Transcribe exactly the line with "this 1328×1328 image." and each line that follows it in the listing, down to the last, omitting all pictures.

**SOURCE DATA:**

###

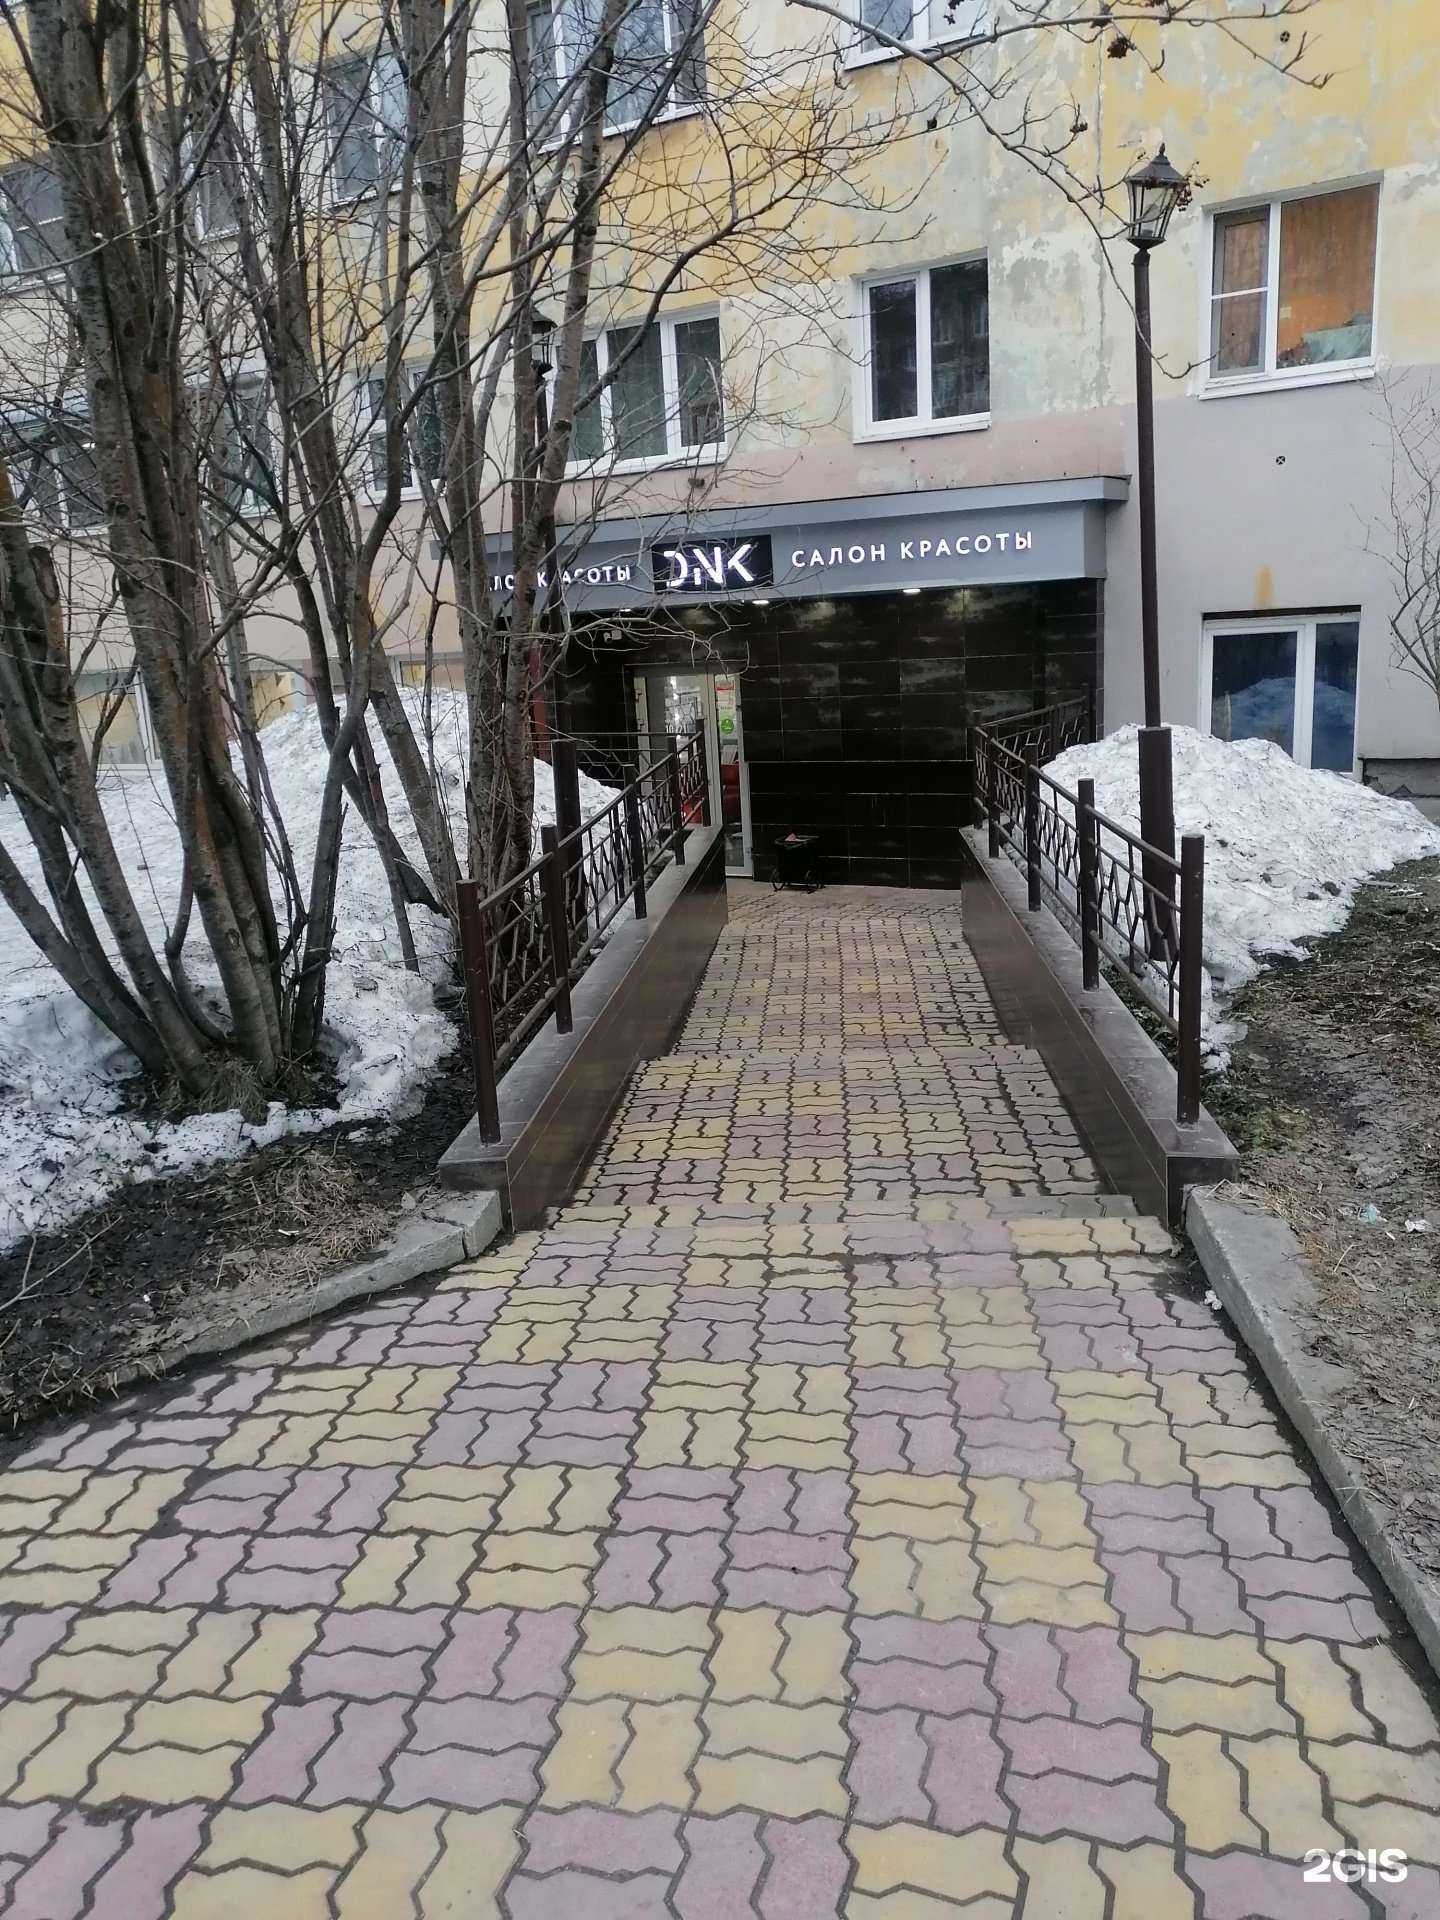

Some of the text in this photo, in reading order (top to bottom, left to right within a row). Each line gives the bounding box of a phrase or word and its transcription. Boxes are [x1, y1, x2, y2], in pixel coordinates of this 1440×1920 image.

[663, 543, 755, 587] DNK
[790, 531, 1033, 569] САЛОН КРАСОТЫ
[537, 565, 631, 588] КАСОТЫ
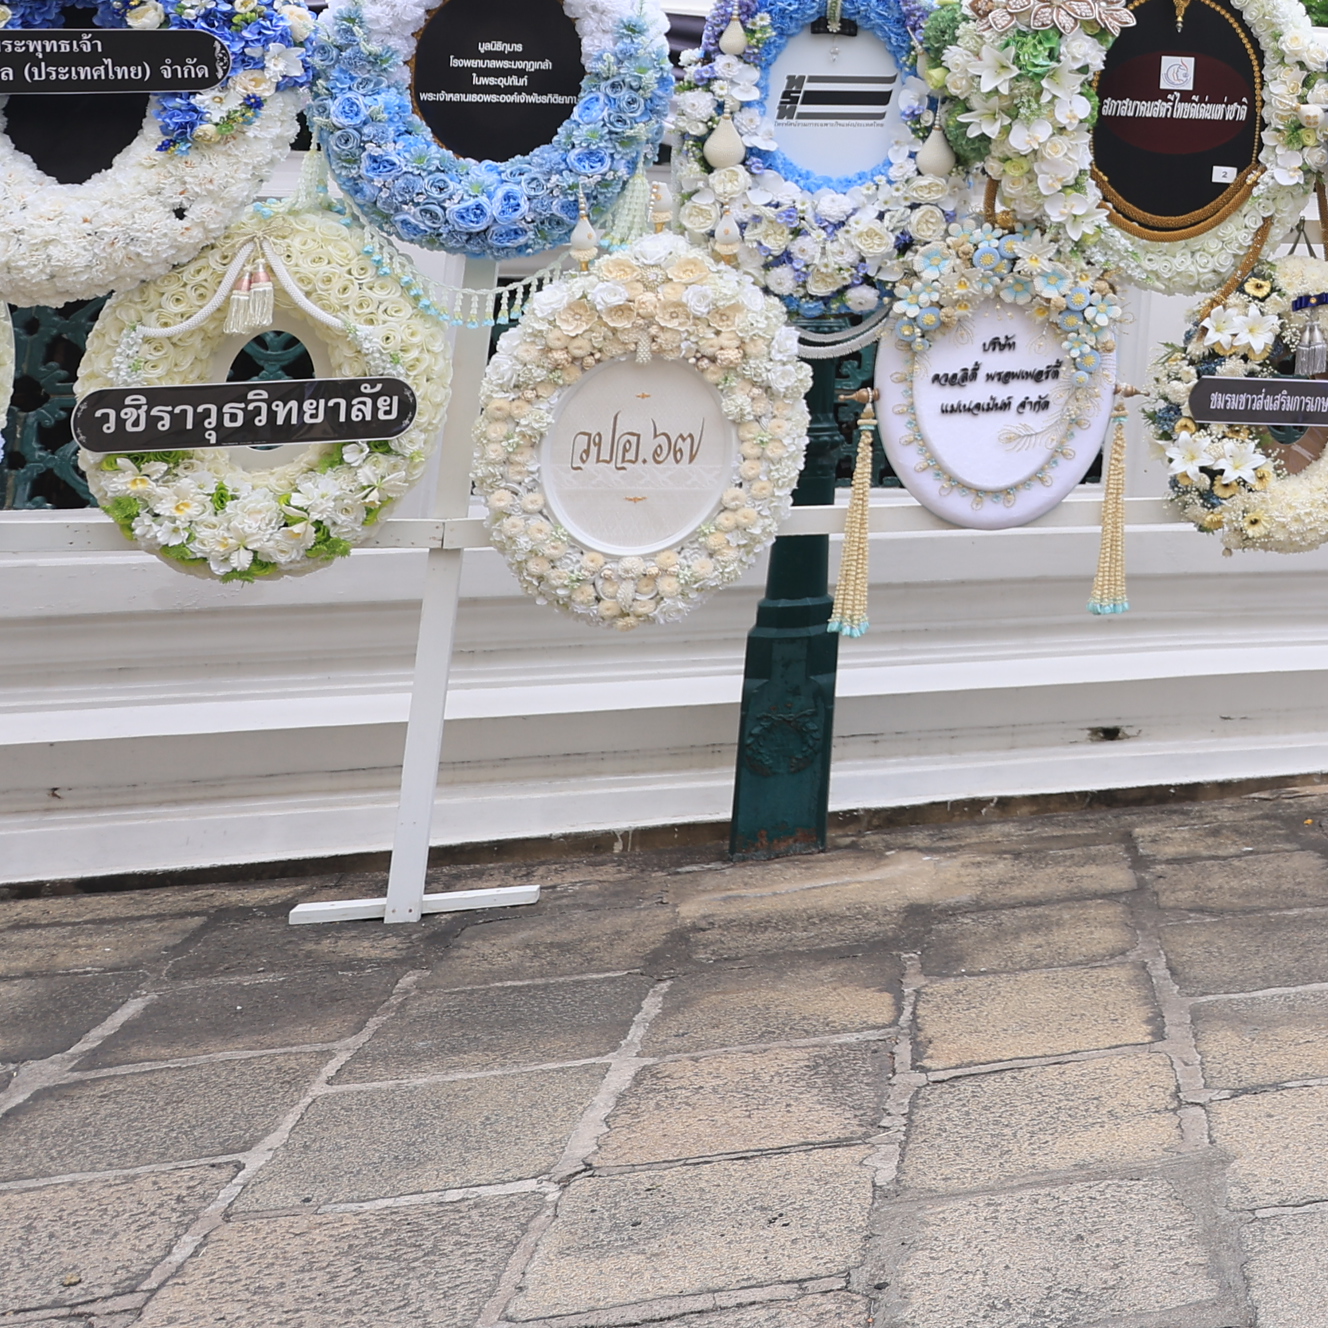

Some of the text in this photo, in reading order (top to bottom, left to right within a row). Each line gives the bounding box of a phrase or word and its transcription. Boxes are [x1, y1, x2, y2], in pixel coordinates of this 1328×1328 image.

[0, 33, 102, 58] ระพุทธเจ้า
[478, 41, 523, 54] มูลนิธิกุมาร
[24, 58, 151, 83] (ประเทศไทย)
[160, 57, 209, 80] จำกัด
[472, 73, 528, 88] ในพระอุปถัมภ์
[1101, 92, 1249, 121] สภาสมาคมสตรีไทยดีเด่นแห่งชาติ
[982, 334, 1016, 352] บริษัท
[94, 383, 399, 445] วชิราวุธวิทยาลัย
[1016, 393, 1050, 414] จำกัด
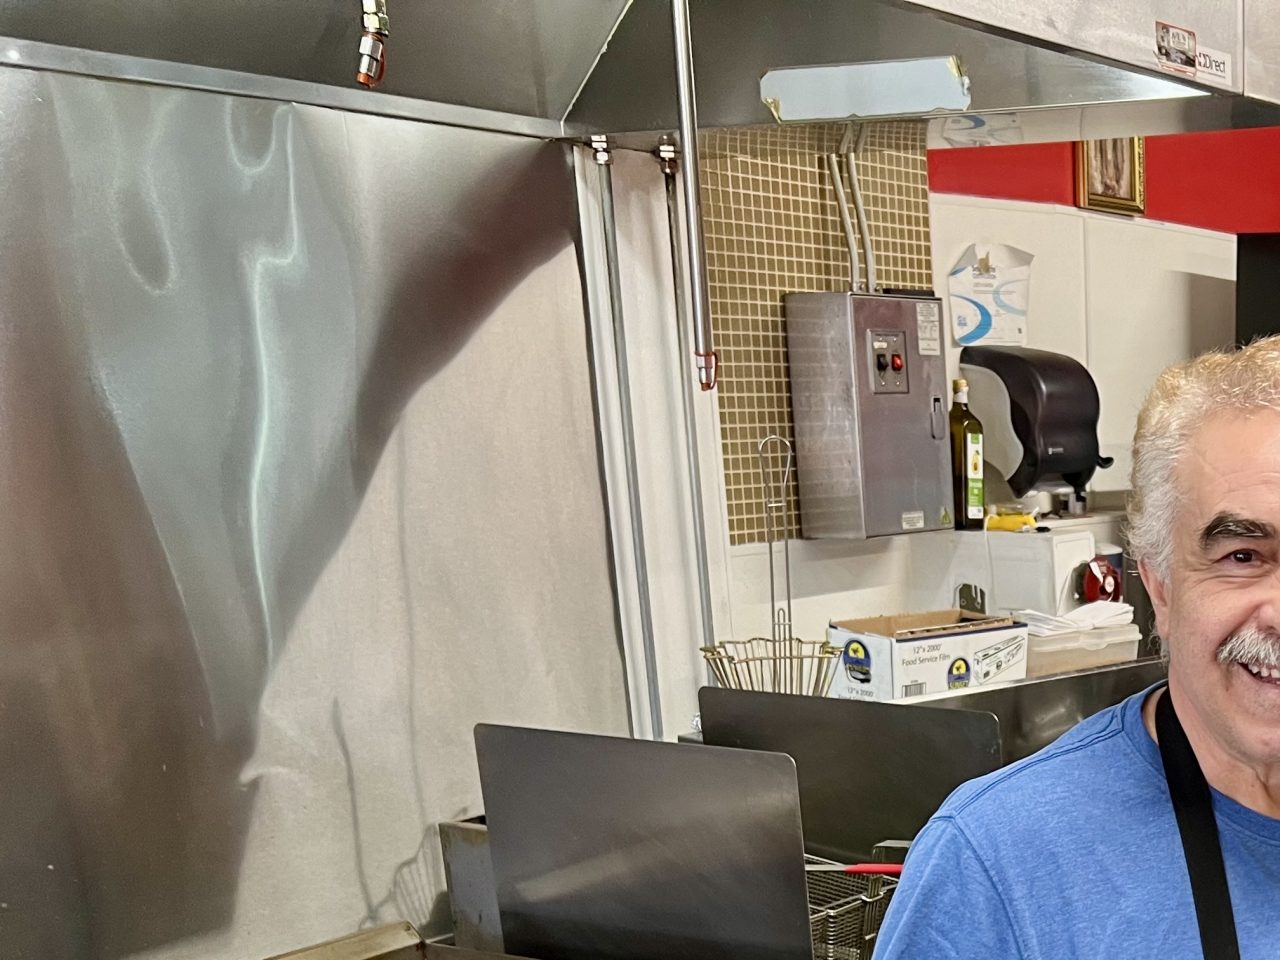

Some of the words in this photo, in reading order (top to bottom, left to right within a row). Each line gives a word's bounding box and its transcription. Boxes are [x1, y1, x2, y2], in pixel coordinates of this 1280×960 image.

[902, 658, 917, 667] Food
[918, 655, 938, 665] Service
[939, 653, 951, 661] Film

###

**RESPONSE AREA:**
Some of the text in this photo, in reading order (top to bottom, left to right within a row). Each line gives the bounding box of a phrase or word and its transcription. Boxes are [x1, y1, x2, y2], in pixel coordinates of this 1328×1328 image.

[0, 33, 102, 58] ระพุทธเจ้า
[478, 41, 523, 54] มูลนิธิกุมาร
[24, 58, 151, 83] (ประเทศไทย)
[160, 57, 209, 80] จำกัด
[472, 73, 528, 88] ในพระอุปถัมภ์
[1101, 92, 1249, 121] สภาสมาคมสตรีไทยดีเด่นแห่งชาติ
[982, 334, 1016, 352] บริษัท
[94, 383, 399, 445] วชิราวุธวิทยาลัย
[1016, 393, 1050, 414] จำกัด

Some of the words in this photo, in reading order (top to bottom, left to right within a row). Each line gives a word's bounding box and its transcription. Boxes are [x1, y1, x2, y2], in pixel coordinates of this 1280×960 image.

[902, 658, 917, 667] Food
[918, 655, 938, 665] Service
[939, 653, 951, 661] Film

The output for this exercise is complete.